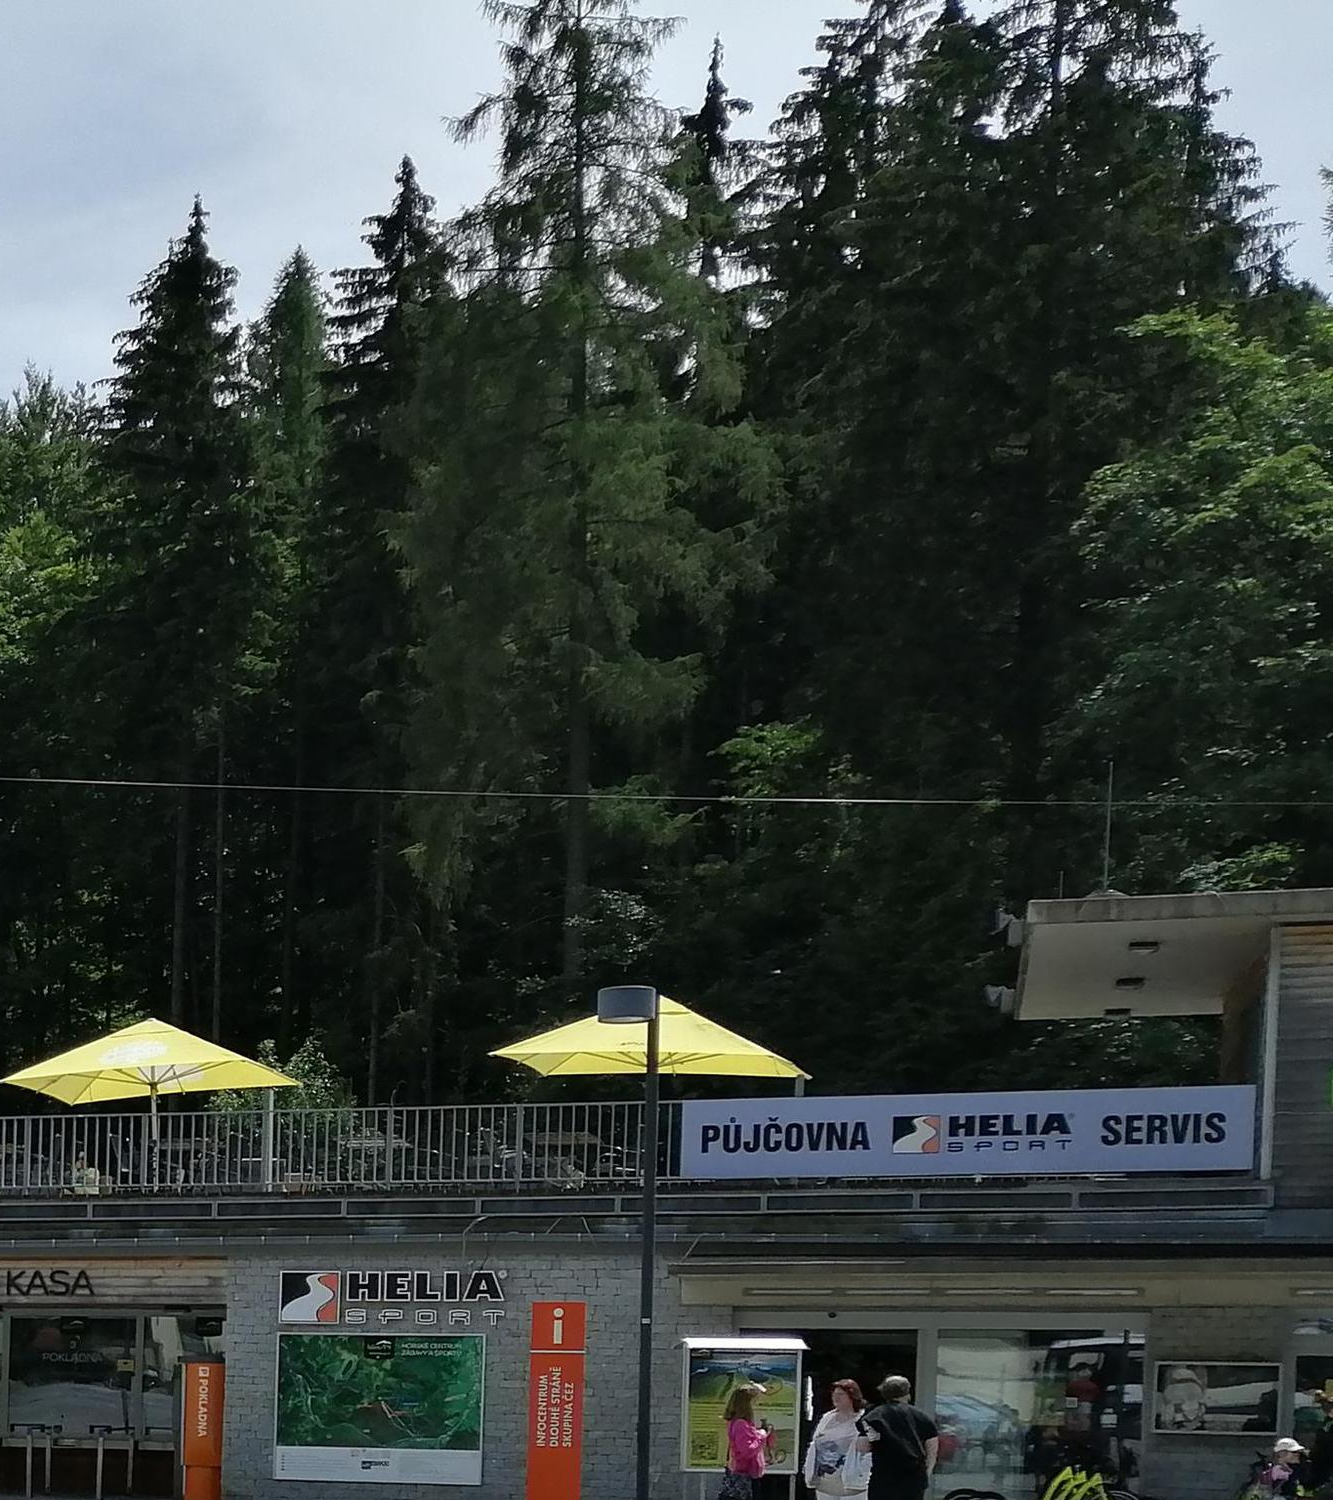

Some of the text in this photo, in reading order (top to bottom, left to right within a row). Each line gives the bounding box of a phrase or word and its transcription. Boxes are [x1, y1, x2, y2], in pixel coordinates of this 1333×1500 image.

[700, 1112, 1227, 1154] PŮJČOVNA HELIA SERVIS
[946, 1138, 1073, 1153] SPORT
[6, 1270, 96, 1297] KASA
[346, 1270, 505, 1302] HELIA
[344, 1308, 505, 1326] SPORT
[196, 1379, 210, 1437] POKLADNA
[535, 1374, 549, 1448] INFOCENTRUM
[548, 1365, 562, 1448] DLOUHÉ STRÁNĚ
[562, 1382, 575, 1449] SKUPINA ČEZ
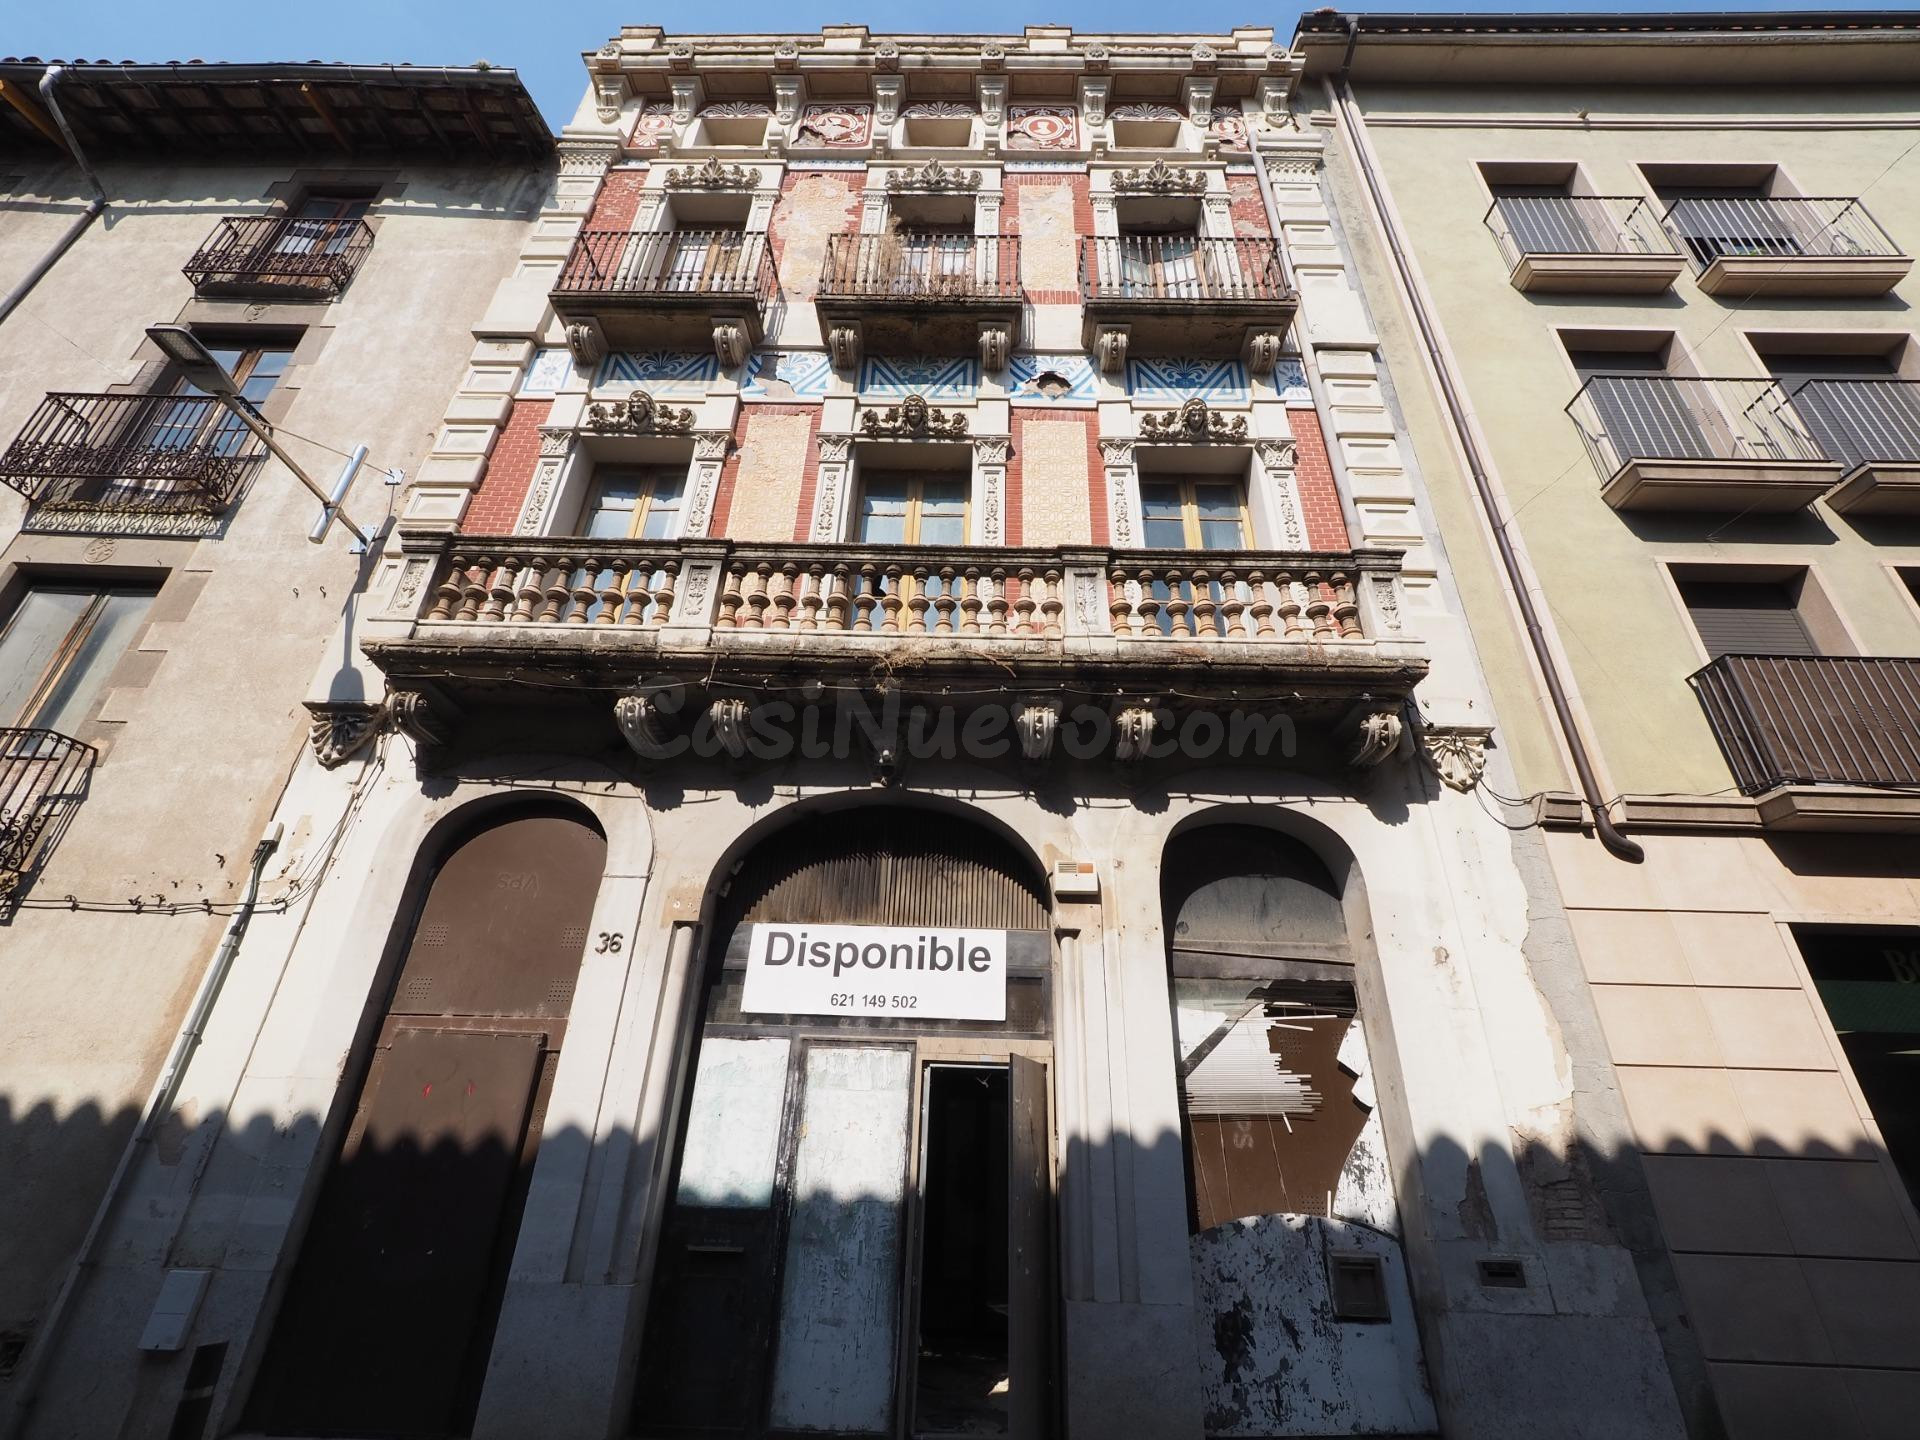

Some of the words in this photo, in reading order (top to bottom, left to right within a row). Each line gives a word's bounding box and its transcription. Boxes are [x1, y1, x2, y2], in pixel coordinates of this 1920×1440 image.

·····

Aim of the task: Transcribe the listing above verbatim. Omit the pictures.

Response to this task:
Some of the text in this photo, in reading order (top to bottom, left to right within a row). Each line gives the bounding box of a phrase or word and its transcription. Boxes are [x1, y1, x2, y2], in pixel coordinates of this 1333×1500 image.

[700, 1112, 1227, 1154] PŮJČOVNA HELIA SERVIS
[946, 1138, 1073, 1153] SPORT
[6, 1270, 96, 1297] KASA
[346, 1270, 505, 1302] HELIA
[344, 1308, 505, 1326] SPORT
[196, 1379, 210, 1437] POKLADNA
[535, 1374, 549, 1448] INFOCENTRUM
[548, 1365, 562, 1448] DLOUHÉ STRÁNĚ
[562, 1382, 575, 1449] SKUPINA ČEZ

Some of the words in this photo, in reading order (top to bottom, left to right within a row). Each line gives a word's bounding box and its transcription. Boxes are [x1, y1, x2, y2], in pixel coordinates of this 1920×1440 image.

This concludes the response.